Soumya Suvra Ghosal,Souradip Chakraborty,Vaibhav Singh,Tianrui Guan,Mengdi Wang,Ahmad Beirami,Furong Huang,Alvaro Velasquez,Dinesh Manocha,Amrit Singh Bedi
2024-11-28
Abstract:With the widespread deployment of Multimodal Large Language Models (MLLMs) for visual-reasoning tasks, improving their safety has become crucial. Recent research indicates that despite training-time safety alignment, these models remain vulnerable to jailbreak attacks: carefully crafted image-prompt pairs that compel the model to generate harmful content. In this work, we first highlight a critical safety gap, demonstrating that alignment achieved solely through safety training may be insufficient against jailbreak attacks.

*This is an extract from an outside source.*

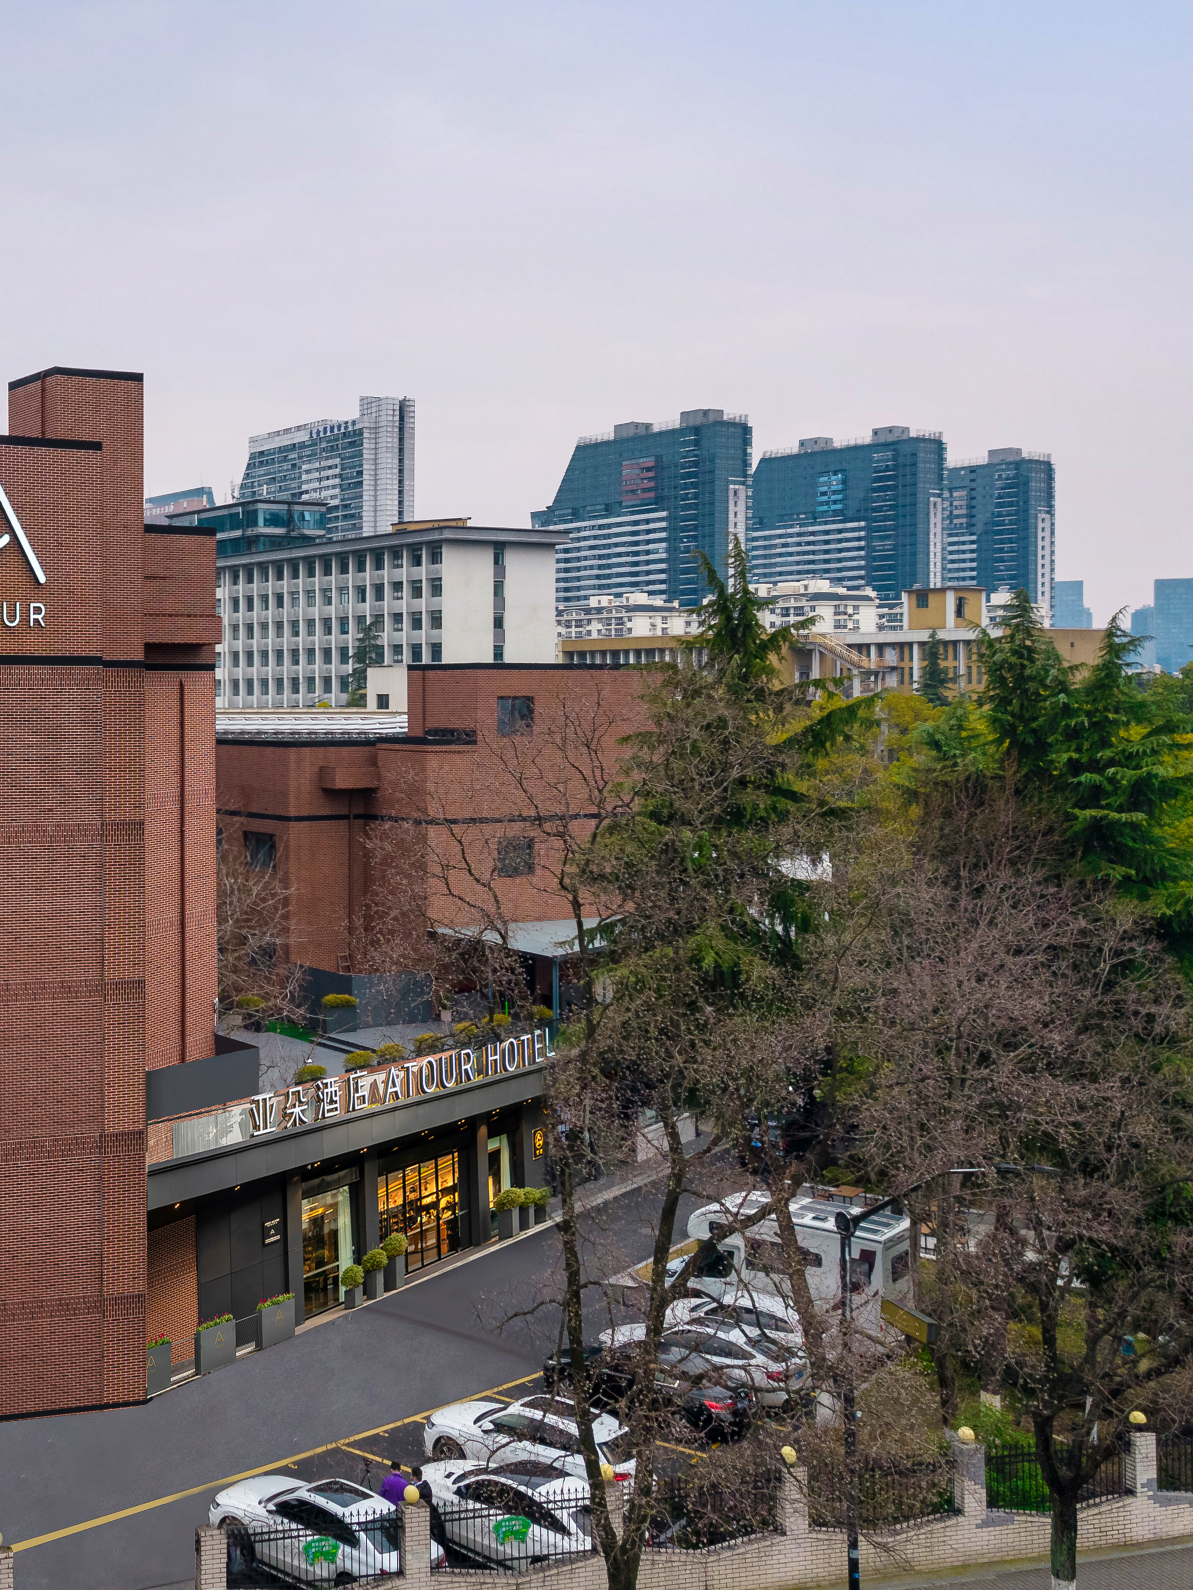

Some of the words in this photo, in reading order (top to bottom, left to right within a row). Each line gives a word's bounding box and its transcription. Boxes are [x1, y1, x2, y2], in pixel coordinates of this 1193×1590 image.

To address this vulnerability, we propose Immune, an inference-time defense framework that leverages a safe reward model during decoding to defend against jailbreak attacks. Additionally, we provide a rigorous mathematical characterization of Immune, offering provable guarantees against jailbreaks. Extensive evaluations on diverse jailbreak benchmarks using recent MLLMs reveal that Immune effectively enhances model safety while preserving the model's original capabilities. For instance, against text-based jailbreak attacks on LLaVA-1.6, Immune reduces the attack success rate by 57.82% and 16.78% compared to the base MLLM and state-of-the-art defense strategy, respectively.
Cryptography and Security,Artificial Intelligence,Machine Learning
What problem does this paper attempt to address?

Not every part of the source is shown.